▶ _Problem description_: Write out every entry exactly as it appears.

▶ _Supplied material_:
####################
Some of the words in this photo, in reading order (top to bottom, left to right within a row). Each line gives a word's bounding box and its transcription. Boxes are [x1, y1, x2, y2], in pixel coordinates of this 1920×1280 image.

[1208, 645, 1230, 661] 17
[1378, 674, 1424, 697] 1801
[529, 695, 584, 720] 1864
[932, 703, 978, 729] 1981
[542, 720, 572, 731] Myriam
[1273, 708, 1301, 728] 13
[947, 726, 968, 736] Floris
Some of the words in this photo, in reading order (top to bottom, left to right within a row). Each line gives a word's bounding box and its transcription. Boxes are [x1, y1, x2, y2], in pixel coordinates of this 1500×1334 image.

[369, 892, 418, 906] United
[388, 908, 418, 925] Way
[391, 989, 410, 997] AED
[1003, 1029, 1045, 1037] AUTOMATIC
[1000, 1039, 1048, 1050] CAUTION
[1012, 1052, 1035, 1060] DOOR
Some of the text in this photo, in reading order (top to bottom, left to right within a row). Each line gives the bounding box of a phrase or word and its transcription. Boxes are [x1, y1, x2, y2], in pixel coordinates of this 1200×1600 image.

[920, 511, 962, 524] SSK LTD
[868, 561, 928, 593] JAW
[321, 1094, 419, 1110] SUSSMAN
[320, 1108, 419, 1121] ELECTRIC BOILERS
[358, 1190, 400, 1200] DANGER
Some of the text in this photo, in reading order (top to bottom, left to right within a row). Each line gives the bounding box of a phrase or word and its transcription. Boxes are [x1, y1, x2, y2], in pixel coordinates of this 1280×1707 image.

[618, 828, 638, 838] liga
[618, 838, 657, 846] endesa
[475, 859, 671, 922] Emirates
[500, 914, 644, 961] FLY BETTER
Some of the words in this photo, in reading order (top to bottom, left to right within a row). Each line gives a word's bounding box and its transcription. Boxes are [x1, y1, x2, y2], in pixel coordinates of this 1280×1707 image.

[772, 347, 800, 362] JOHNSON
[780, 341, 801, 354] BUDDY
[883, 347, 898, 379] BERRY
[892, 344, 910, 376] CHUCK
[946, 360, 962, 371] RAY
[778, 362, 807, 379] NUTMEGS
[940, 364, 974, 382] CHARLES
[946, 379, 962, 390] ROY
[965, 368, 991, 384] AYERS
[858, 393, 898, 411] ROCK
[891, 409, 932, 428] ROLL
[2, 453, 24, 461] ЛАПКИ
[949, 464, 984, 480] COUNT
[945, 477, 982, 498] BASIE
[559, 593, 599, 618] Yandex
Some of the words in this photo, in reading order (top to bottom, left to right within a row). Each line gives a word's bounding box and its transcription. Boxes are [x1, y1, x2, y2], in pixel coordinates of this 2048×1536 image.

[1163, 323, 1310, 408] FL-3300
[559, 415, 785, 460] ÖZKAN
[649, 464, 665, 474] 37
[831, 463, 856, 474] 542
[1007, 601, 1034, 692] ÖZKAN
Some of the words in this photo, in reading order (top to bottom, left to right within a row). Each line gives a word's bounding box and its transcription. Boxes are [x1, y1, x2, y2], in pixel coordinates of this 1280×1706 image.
####################
▶ _Output_:
Some of the words in this photo, in reading order (top to bottom, left to right within a row). Each line gives a word's bounding box and its transcription. Boxes are [x1, y1, x2, y2], in pixel coordinates of this 1920×1280 image.

[1208, 645, 1230, 661] 17
[1378, 674, 1424, 697] 1801
[529, 695, 584, 720] 1864
[932, 703, 978, 729] 1981
[542, 720, 572, 731] Myriam
[1273, 708, 1301, 728] 13
[947, 726, 968, 736] Floris
Some of the words in this photo, in reading order (top to bottom, left to right within a row). Each line gives a word's bounding box and its transcription. Boxes are [x1, y1, x2, y2], in pixel coordinates of this 1500×1334 image.

[369, 892, 418, 906] United
[388, 908, 418, 925] Way
[391, 989, 410, 997] AED
[1003, 1029, 1045, 1037] AUTOMATIC
[1000, 1039, 1048, 1050] CAUTION
[1012, 1052, 1035, 1060] DOOR
Some of the text in this photo, in reading order (top to bottom, left to right within a row). Each line gives the bounding box of a phrase or word and its transcription. Boxes are [x1, y1, x2, y2], in pixel coordinates of this 1200×1600 image.

[920, 511, 962, 524] SSK LTD
[868, 561, 928, 593] JAW
[321, 1094, 419, 1110] SUSSMAN
[320, 1108, 419, 1121] ELECTRIC BOILERS
[358, 1190, 400, 1200] DANGER
Some of the text in this photo, in reading order (top to bottom, left to right within a row). Each line gives the bounding box of a phrase or word and its transcription. Boxes are [x1, y1, x2, y2], in pixel coordinates of this 1280×1707 image.

[618, 828, 638, 838] liga
[618, 838, 657, 846] endesa
[475, 859, 671, 922] Emirates
[500, 914, 644, 961] FLY BETTER
Some of the words in this photo, in reading order (top to bottom, left to right within a row). Each line gives a word's bounding box and its transcription. Boxes are [x1, y1, x2, y2], in pixel coordinates of this 1280×1707 image.

[772, 347, 800, 362] JOHNSON
[780, 341, 801, 354] BUDDY
[883, 347, 898, 379] BERRY
[892, 344, 910, 376] CHUCK
[946, 360, 962, 371] RAY
[778, 362, 807, 379] NUTMEGS
[940, 364, 974, 382] CHARLES
[946, 379, 962, 390] ROY
[965, 368, 991, 384] AYERS
[858, 393, 898, 411] ROCK
[891, 409, 932, 428] ROLL
[2, 453, 24, 461] ЛАПКИ
[949, 464, 984, 480] COUNT
[945, 477, 982, 498] BASIE
[559, 593, 599, 618] Yandex
Some of the words in this photo, in reading order (top to bottom, left to right within a row). Each line gives a word's bounding box and its transcription. Boxes are [x1, y1, x2, y2], in pixel coordinates of this 2048×1536 image.

[1163, 323, 1310, 408] FL-3300
[559, 415, 785, 460] ÖZKAN
[649, 464, 665, 474] 37
[831, 463, 856, 474] 542
[1007, 601, 1034, 692] ÖZKAN
Some of the words in this photo, in reading order (top to bottom, left to right within a row). Each line gives a word's bounding box and its transcription. Boxes are [x1, y1, x2, y2], in pixel coordinates of this 1280×1706 image.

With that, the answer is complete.